EXERCISE GOAL
A verbatim copy of all the data is required, minus any images.

LISTED ENTRIES
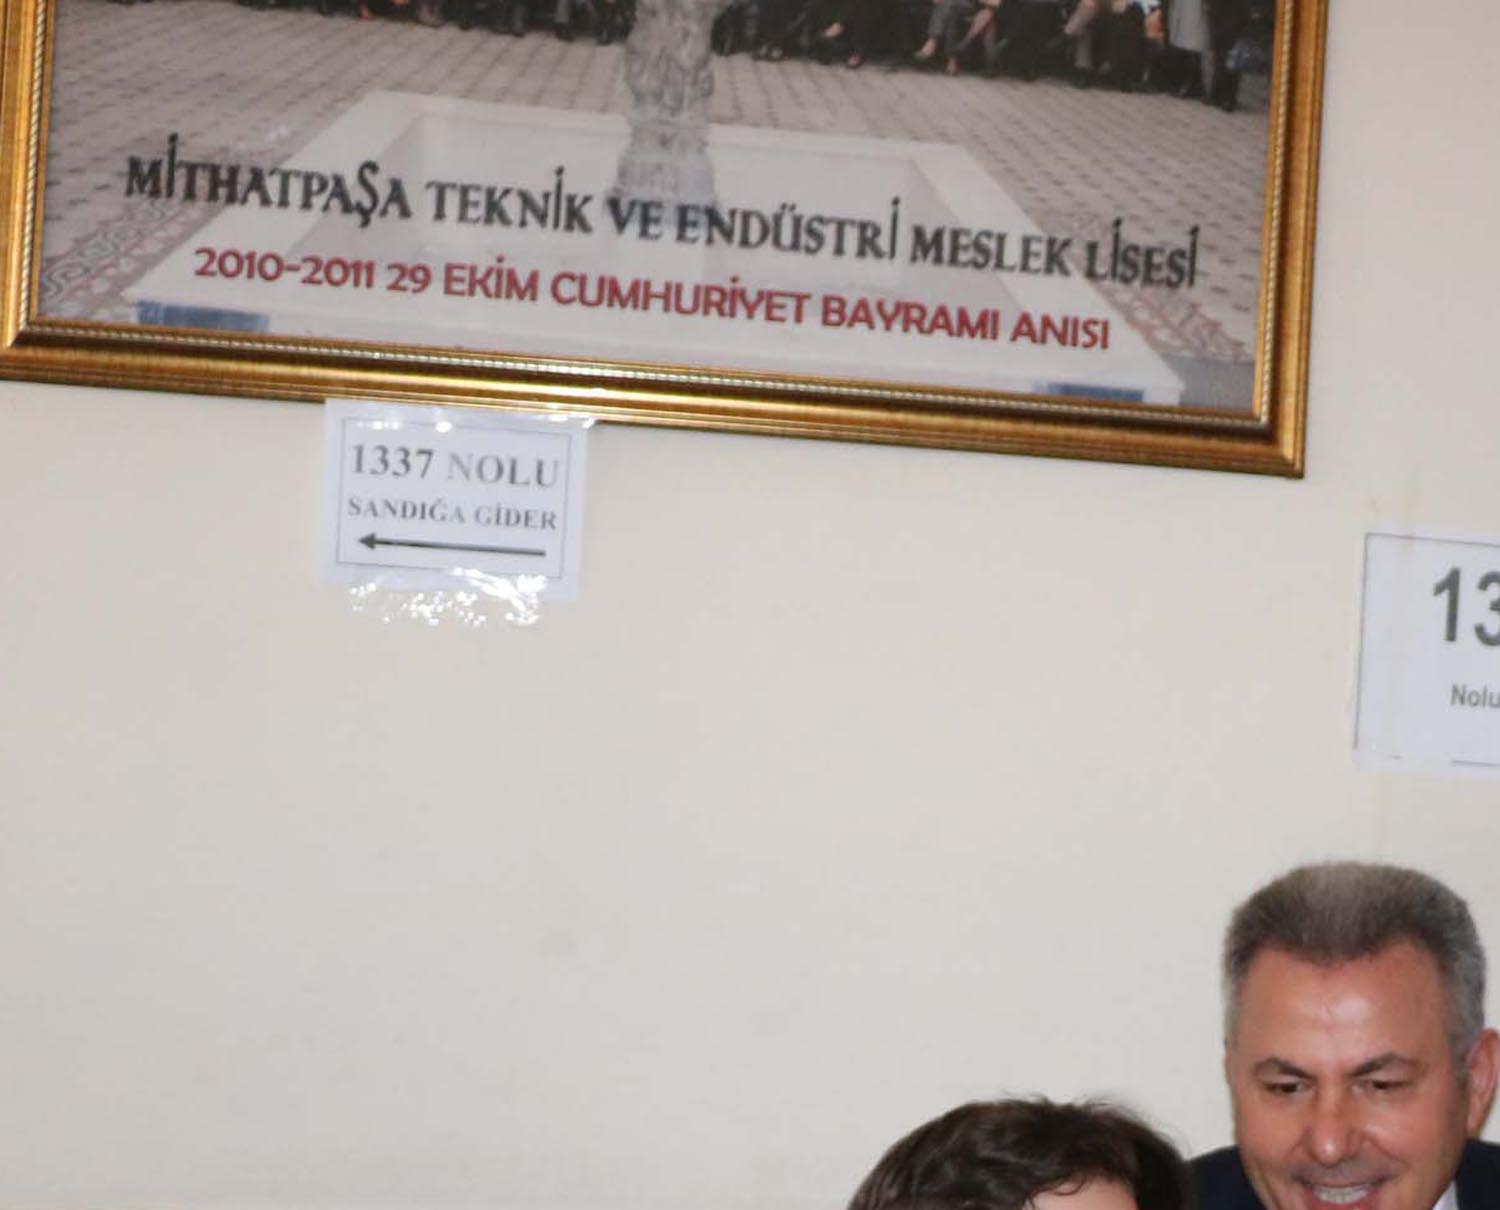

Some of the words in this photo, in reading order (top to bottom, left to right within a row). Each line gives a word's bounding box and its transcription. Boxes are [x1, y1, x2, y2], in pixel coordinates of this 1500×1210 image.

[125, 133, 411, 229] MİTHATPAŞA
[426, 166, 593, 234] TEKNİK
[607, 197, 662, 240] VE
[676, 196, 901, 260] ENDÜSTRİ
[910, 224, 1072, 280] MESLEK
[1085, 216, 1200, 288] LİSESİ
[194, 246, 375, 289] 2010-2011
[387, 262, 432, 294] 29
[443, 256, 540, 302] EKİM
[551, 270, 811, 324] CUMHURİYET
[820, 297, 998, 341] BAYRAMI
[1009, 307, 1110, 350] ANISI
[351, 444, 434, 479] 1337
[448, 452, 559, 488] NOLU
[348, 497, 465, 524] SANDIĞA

SOLUTION
Some of the words in this photo, in reading order (top to bottom, left to right within a row). Each line gives a word's bounding box and its transcription. Boxes are [x1, y1, x2, y2], in pixel coordinates of this 1500×1210 image.

[125, 133, 411, 229] MİTHATPAŞA
[426, 166, 593, 234] TEKNİK
[607, 197, 662, 240] VE
[676, 196, 901, 260] ENDÜSTRİ
[910, 224, 1072, 280] MESLEK
[1085, 216, 1200, 288] LİSESİ
[194, 246, 375, 289] 2010-2011
[387, 262, 432, 294] 29
[443, 256, 540, 302] EKİM
[551, 270, 811, 324] CUMHURİYET
[820, 297, 998, 341] BAYRAMI
[1009, 307, 1110, 350] ANISI
[351, 444, 434, 479] 1337
[448, 452, 559, 488] NOLU
[348, 497, 465, 524] SANDIĞA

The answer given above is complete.